Tuesday, January 27, 2015

The Samsung Galaxy Tab S 10.5: A Windows User’s Experience

We bought a Samsung Galaxy Tab S 10.5 on the weekend and after 48 hours of setting it up and watching YouTube tutorials, I thought I would pass on my thoughts.

It is no secret that my house is a Windows house. My wife and I both have Nokia Lumia phones (she has the one with the big camera, mine has the smaller camera but same grunt under the hood), she runs a Windows 7 laptop and Surface 2 and I use my trusty Surface Pro 1 (nearly two years old) both at home and at work (I am using it now). My son has an old hand-me-down Windows laptop (which was my machine before the Surface and really needs replacing) but he and my daughter generally spend more time on the Surfaces because of the tablet form factor, fun apps and overall performance.

There are some iPods gathering dust somewhere but these are tools of the past. If we want music, my wife reaches for Spotify and I reach for Pandora. There are no other Apple products in the house.

The Itch That Needed To Be Scratched

The household had a problem though. Obviously there was the fact that the vast majority of companies jumping on the app bandwagon release for Apple and Android, and thumb their nose up at Windows Phone/Windows 8 but this was not it. To be honest, there was no killer app which meant we had to get a non-Windows device; the everyday apps I used a year ago are the same ones I use today and all are available for Windows. Nothing else stood out to make any other grass look greener.

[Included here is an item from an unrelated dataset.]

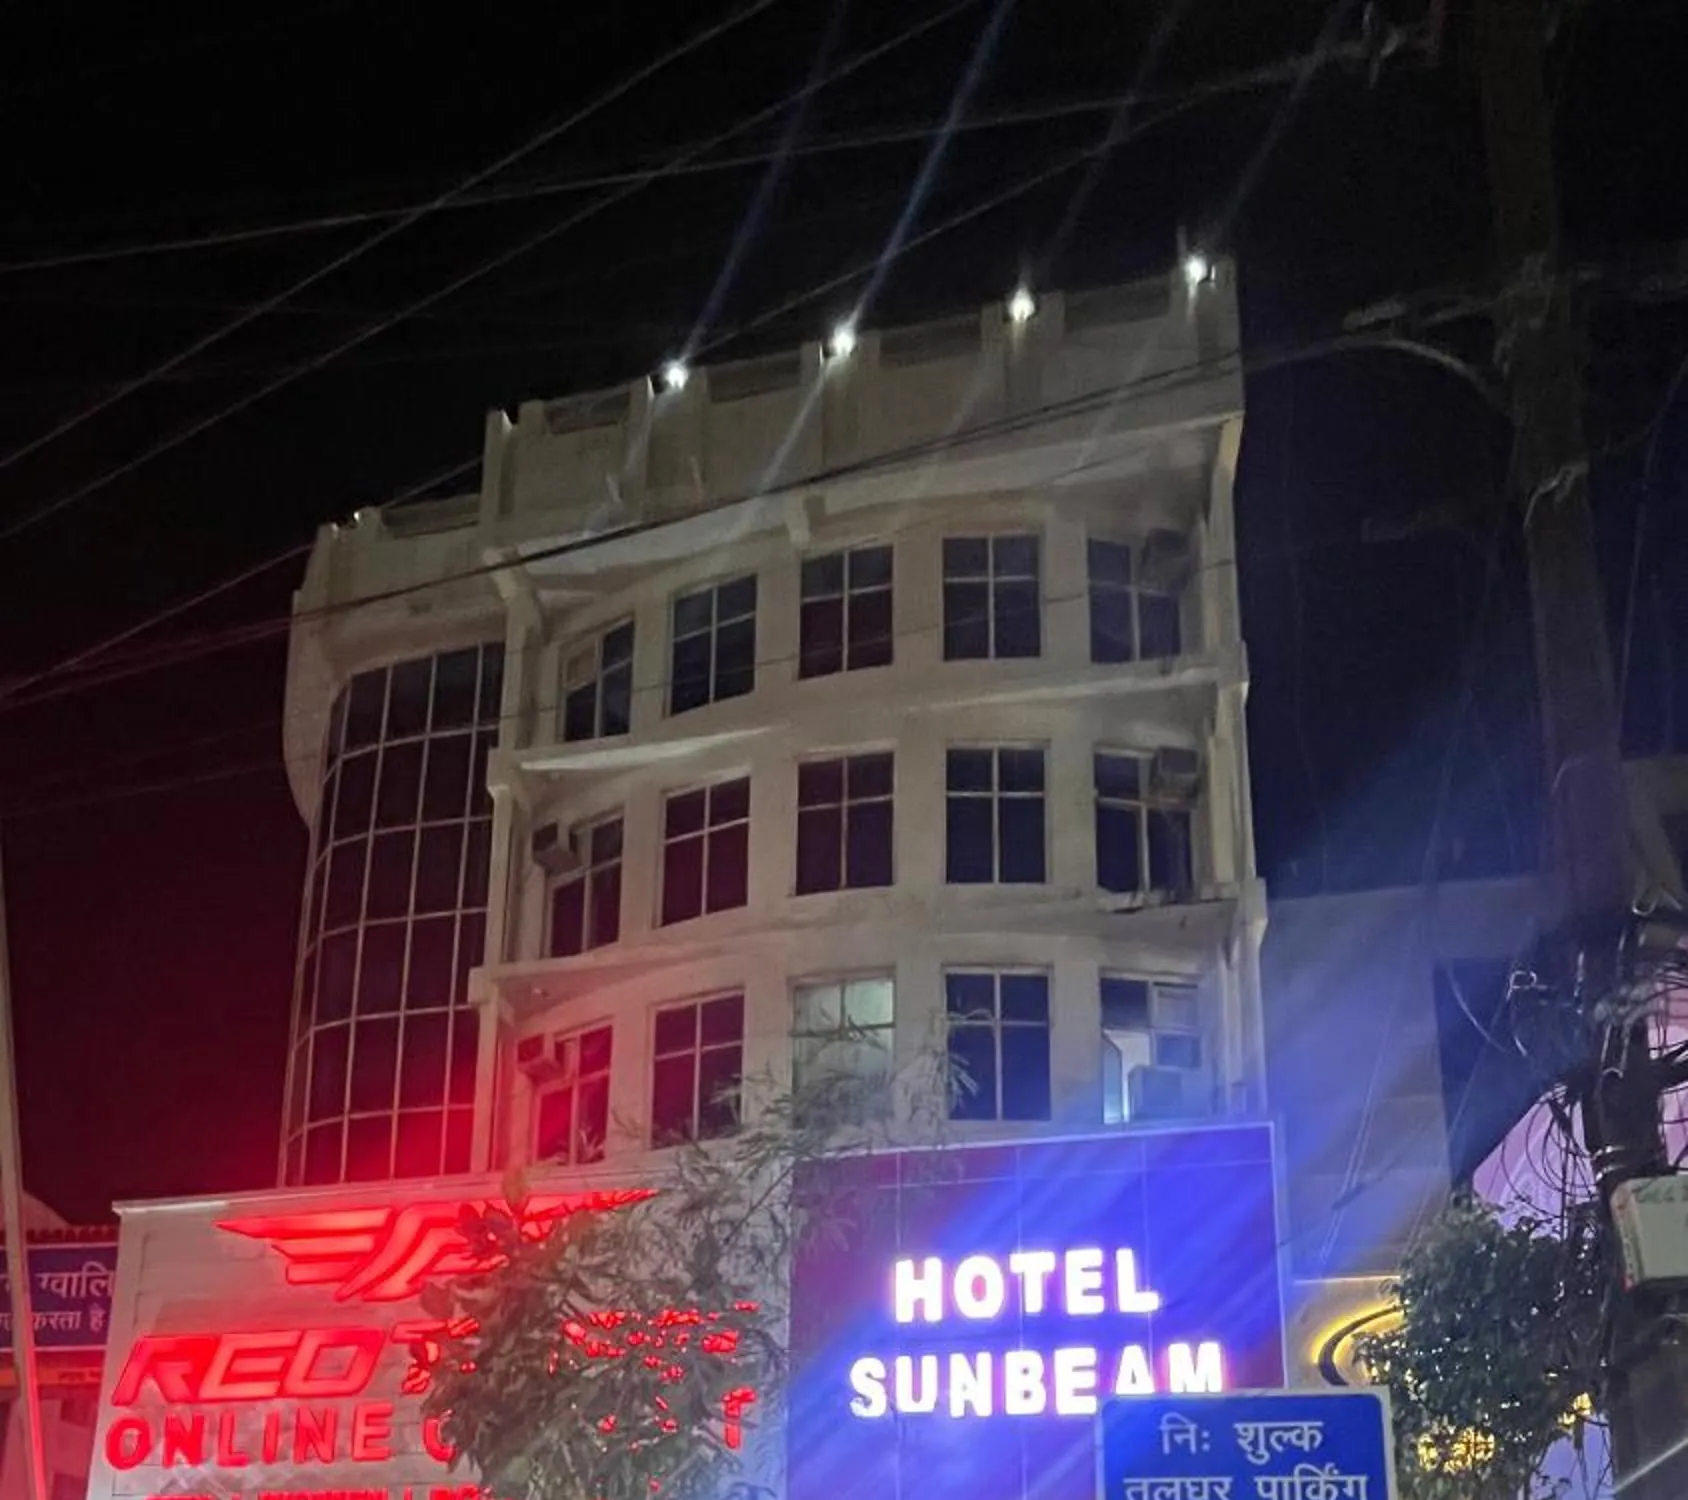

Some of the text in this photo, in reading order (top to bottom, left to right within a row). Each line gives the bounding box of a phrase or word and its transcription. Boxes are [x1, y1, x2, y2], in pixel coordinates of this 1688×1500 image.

[894, 1247, 1160, 1324] HOTEL
[850, 1340, 1224, 1419] SUNBEAM
[105, 1402, 396, 1471] ONLINE
[1233, 1420, 1324, 1465] शुल्क

The actual problem was my wife’s profession and expertise. As a senior marketer and known entity in Australian marketing circles (or so she tells me) she is sometimes asked to be a judge for marketing awards. Part of that is to judge the materials they create, which includes apps. As to be expected in today’s marketplace, these apps were only available on iOS and Android. Generally, she begged or borrowed an iPad from somewhere and used that, but it was an annoyance.

Also, my son’s school had its own school app and recommended educational apps but, again, these were Windows-unfriendly and, combined, this tipped us over the edge.

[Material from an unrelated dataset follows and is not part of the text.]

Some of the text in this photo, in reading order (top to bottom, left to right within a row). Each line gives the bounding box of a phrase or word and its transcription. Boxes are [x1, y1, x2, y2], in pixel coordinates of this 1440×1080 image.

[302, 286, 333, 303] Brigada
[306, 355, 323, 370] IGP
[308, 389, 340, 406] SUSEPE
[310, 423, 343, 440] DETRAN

Why the Samsung Galaxy Tab S 10.5?

We both researched the best 10 inch tablets in the market and, consistently, Samsung Galaxy Tab S 10.5 won out against its rivals, including Apple. I do not have the links now but review after review put it either in the top spot or, at least, in the top three. It is a good, all-round tablet. Research aside, I was quite happy we were going Android over Apple. Being able to tinker in the back-end appealed to my Windows pedigree. I am sufficiently old to remember working on DOS 6 ini files and Slackware Linux config files so the idea of being cut off from the back end completely was disquieting. Android still gave me the power to poke around if I so desired.

The Hardware

So on to the review. Obviously comparing the Galaxy to a Surface Pro is problematic. The Surface Pro runs a full version of Windows and converts into a laptop form factor easily. The Galaxy is a tablet and, while it has plenty of power for the apps it runs, without a keyboard, it will always come second in terms of productivity (yes, bluetooth keyboards are available but, as I will explain later, even this is not enough to bring it on par with a laptop running Windows Office in terms of productivity).

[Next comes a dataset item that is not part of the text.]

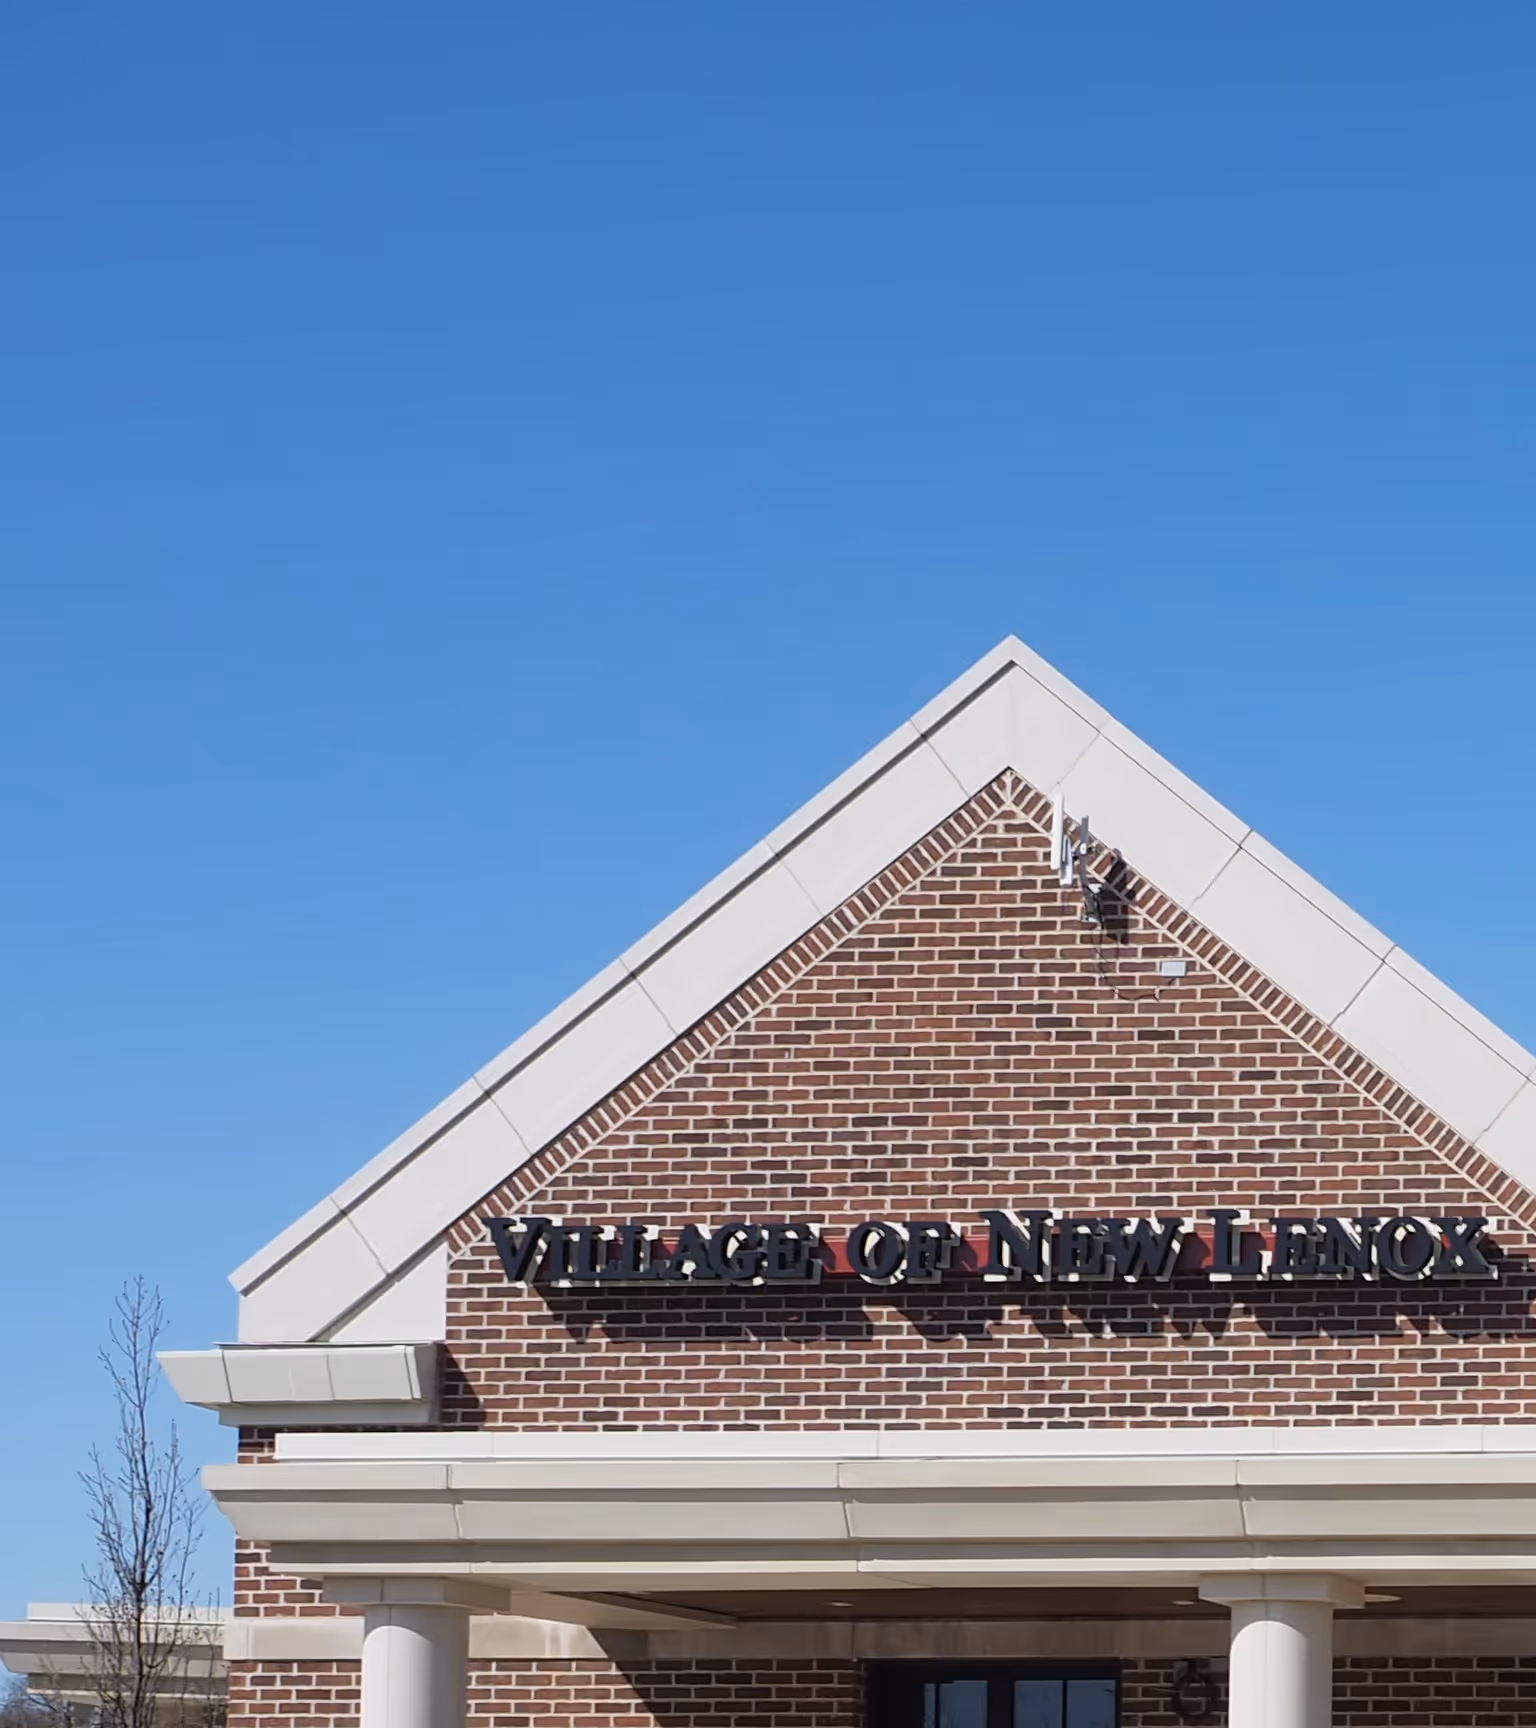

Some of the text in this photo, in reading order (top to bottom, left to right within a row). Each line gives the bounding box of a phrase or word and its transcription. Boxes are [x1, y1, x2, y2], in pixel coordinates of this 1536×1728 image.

[483, 1208, 1492, 1284] VILLAGE OF NEW LENOX

Similarly, comparing the Galaxy to my Lumia is also problematic. There is only so much that can be done on the little screen of a Lumia 925 which is, of course, why even Apple have relented and made a phone screen which is larger than the reach of a thumb.

Really the best I can do is point out the stuff which sticks out to me and hope it will be a guide to others.

Firstly, the screen of the Galaxy is incredible. The Super AMOLED display leaves the Surface Pro LCD screen for dust. The reason for this is backlighting; the Surface Pro needs it and the Galaxy does not. For the most part you will not notice this, except with blacks. I have done my best to capture this below, using my lock screen pic; the Cassini eclipse shot. Both machines are tilted at about the same angle and there is no light source behind me for reflection. I tried to adjust the brightness so it was about the same on both machines. The top one is my Surface Pro and the bottom one, the Galaxy. If you look at the left of the image, it is clear the colour saturation is a little higher on the Galaxy (the ring is a little more blue and the planet a little more yellow) and the black is blacker on the bottom machine.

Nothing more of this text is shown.